“Me too” evidence is a type of evidence used in employment cases. Typically, a victim of harassment/discrimination may come to learn that others have also been the victim of harassment/discrimination and will want to use that evidence to help them prove their case. That is where the phrase “me too” evidence comes into play. SeeJohnson v. United Cerebral Palsy/Spastic Children’s Foundation of Los Angeles and Ventura Counties(2009) 173 Cal. App. 4th 740.Having others who experienced harassment/discrimination at the same place of work can be very helpful to your case because as they say, “where there is smoke, there is fire.” But, like any evidence, there is always a question of whether it will be admitted into the court by the judge.
Defense lawyers, representing employers, do not like me too evidence, and they will do as much as possible to keep it out. Defense lawyers take the position that the victim of harassment/discrimination had to know that others were also experiencing harassment/discrimination at the time it was going on in order for me too evidence to be admitted into court. SeeFisher v. San Pedro Peninsula Hospital (1989) 214 Cal.App.3d 590.
If a judge or jury hears that others at work experienced the same harassment/discrimination that you did, then that me too evidence will likely convince the judge/jury that you are not making up or exaggerating your claim. And, when it comes time for the judge/jury to decide if you are right or wrong, having another person also experiencing the same problems can make that crucial difference in your case.
Generally, in order to have me too evidence admitted into evidence (allow the judge/jury to see/hear it), the victim needs to show that the victim knew that this other victim was or had experienced the same harassment/discrimination that you experienced. Sounds simple, but like many employment cases, victims do not always complain or voice their concerns out of fear of retaliation, losing their jobs in an already weak economy or just plain humiliation. Therefore, a lot of times, a victim of harassment/discrimination may never know of the other victims until well into after a lawsuit was filed, if at all. By then, courts may not admit that me too evidence because you did not know of the other victim while you yourself were going through the harassment/discrimination.

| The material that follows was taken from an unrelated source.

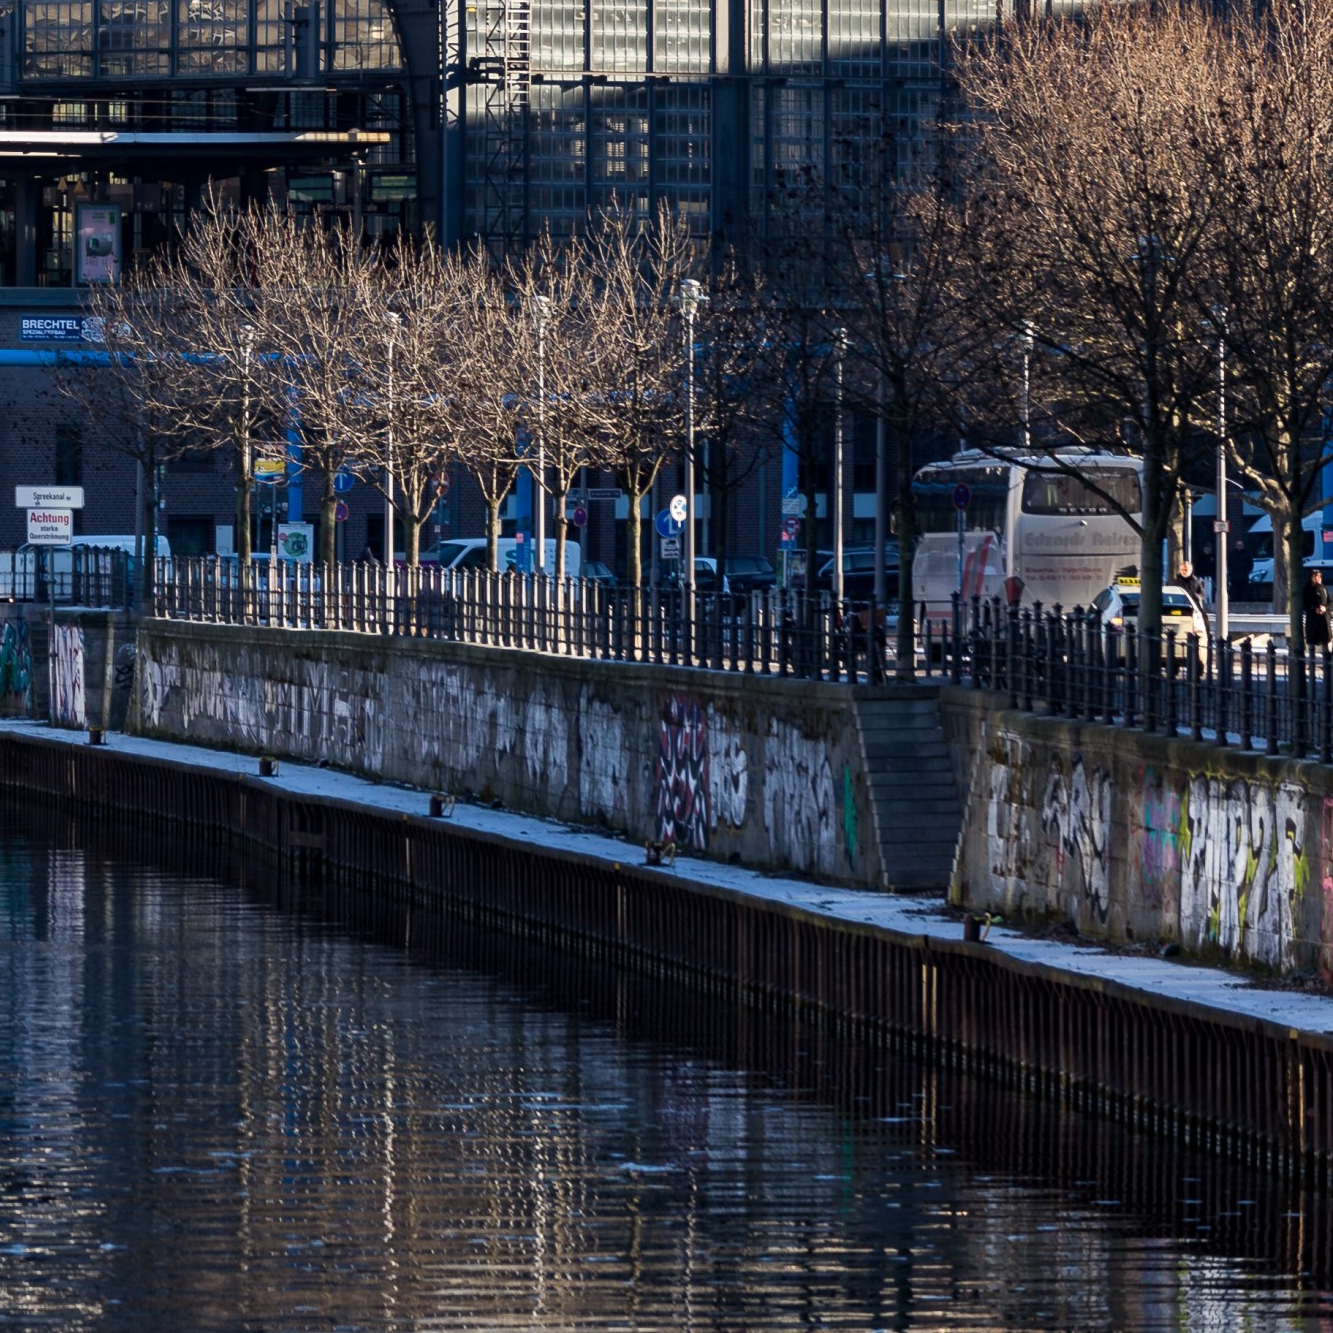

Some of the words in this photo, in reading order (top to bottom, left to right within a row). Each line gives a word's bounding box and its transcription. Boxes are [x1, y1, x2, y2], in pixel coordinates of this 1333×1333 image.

[22, 319, 80, 329] BRECHTEL
[33, 491, 65, 502] Spreekanal
[29, 512, 70, 526] Achtung

Luckily, for employees, that no longer has to be the case.
In Pantoja v. Anton (August, 2011) 198 Cal.App.4th 87, the California Appellate Court ruled that a victim seeking to admit me too evidence did not need to know of the other victim’s harassment/discrimination in order to have me too evidence admitted into court. Instead, the Appellate Court ruled that a victim of harassment/discrimination can use recently discovered me too evidence to (1) impeach the defendant who denies ever committing harassment/discrimination before or (2) to show intent of the defendant to harass/discriminate against others in the same way.
Based on a reading of this ruling, the Appellate Court has provided victims of harassment more opportunities to prove they were a victim of harassment/discrimination. It no longer has to be a “he said, she said” type case. This ruling undoubtedly expands the rights of victims of harassment/discrimination in proving they were the unfortunate victims of harassment/discrimination.